S100B proteins that lack one or both cysteine residues can induce inflammatory responses in astrocytes and microglia.

The astrocytic protein S100B stimulates neurite outgrowth and neuronal survival during CNS development. S100B can also stimulate glial activation, leading to induction of pro-inflammatory molecules like interleukin-1 beta (IL-1 beta) and inducible nitric oxide synthase (iNOS). Although it is known that S100B's neurotrophic activity requires a disulfide-linked dimeric form of the protein, the structural features of S100B that are important for glial activation have not been defined.
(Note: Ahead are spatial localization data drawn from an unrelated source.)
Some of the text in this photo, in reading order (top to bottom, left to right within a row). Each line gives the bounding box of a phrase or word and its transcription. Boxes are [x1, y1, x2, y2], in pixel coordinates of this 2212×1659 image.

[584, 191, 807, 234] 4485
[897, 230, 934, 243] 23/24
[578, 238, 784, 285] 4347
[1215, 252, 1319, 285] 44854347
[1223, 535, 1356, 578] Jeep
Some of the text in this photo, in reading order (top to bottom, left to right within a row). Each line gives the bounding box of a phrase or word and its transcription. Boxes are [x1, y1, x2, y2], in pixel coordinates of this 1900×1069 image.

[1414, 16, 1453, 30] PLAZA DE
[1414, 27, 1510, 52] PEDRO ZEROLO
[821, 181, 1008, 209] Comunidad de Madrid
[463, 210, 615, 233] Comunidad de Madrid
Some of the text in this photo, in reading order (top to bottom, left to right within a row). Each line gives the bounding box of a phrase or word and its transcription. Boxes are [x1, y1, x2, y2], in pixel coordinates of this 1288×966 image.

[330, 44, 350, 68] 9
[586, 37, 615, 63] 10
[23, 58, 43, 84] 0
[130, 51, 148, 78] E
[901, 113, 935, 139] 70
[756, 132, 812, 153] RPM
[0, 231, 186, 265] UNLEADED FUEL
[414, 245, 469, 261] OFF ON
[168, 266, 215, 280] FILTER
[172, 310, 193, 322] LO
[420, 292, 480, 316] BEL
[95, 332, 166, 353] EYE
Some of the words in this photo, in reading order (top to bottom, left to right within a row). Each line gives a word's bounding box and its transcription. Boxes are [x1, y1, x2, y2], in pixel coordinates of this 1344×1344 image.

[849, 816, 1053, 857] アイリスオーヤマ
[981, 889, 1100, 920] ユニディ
As an initial step towards understanding the structural features of S100B required for its action on glia and to determine if these features are different from those required for its action on neurons, we tested two mutants of S100B for their ability to activate glia. The C68VC84S mutant lacks S100B's two cysteine residues (cys68, cys84) and lacks neurotrophic activity (Winningham-Major et al., 1989, J. Cell Biol. 109 3063-3071), and the truncation mutant S100B83stop lacks the C-terminal nine residues (including cys84) that have been shown to be important for some S100B:target protein interactions. We report here that both C68VC84S and S100B83stop stimulate glial activation, as determined by induction of iNOS and IL-1 beta in rat primary astrocyte and microglial cultures. C68VC84S showed activation profiles similar to those of wild-type S100B, demonstrating that a disulfide-linked dimer is not required for glial activation. S100B83stop also stimulated both iNOS and IL-1 beta, although S100B83stop was significantly less effective than wild-type S100B in inducing iNOS. These results indicate that the C-terminal region of S100B is not required for glial activation; however, its presence may influence the degree of activation by the protein. Altogether, these studies demonstrate that the structural features required for S100B's neurotrophic activity are distinct from those affecting its glial activation activity.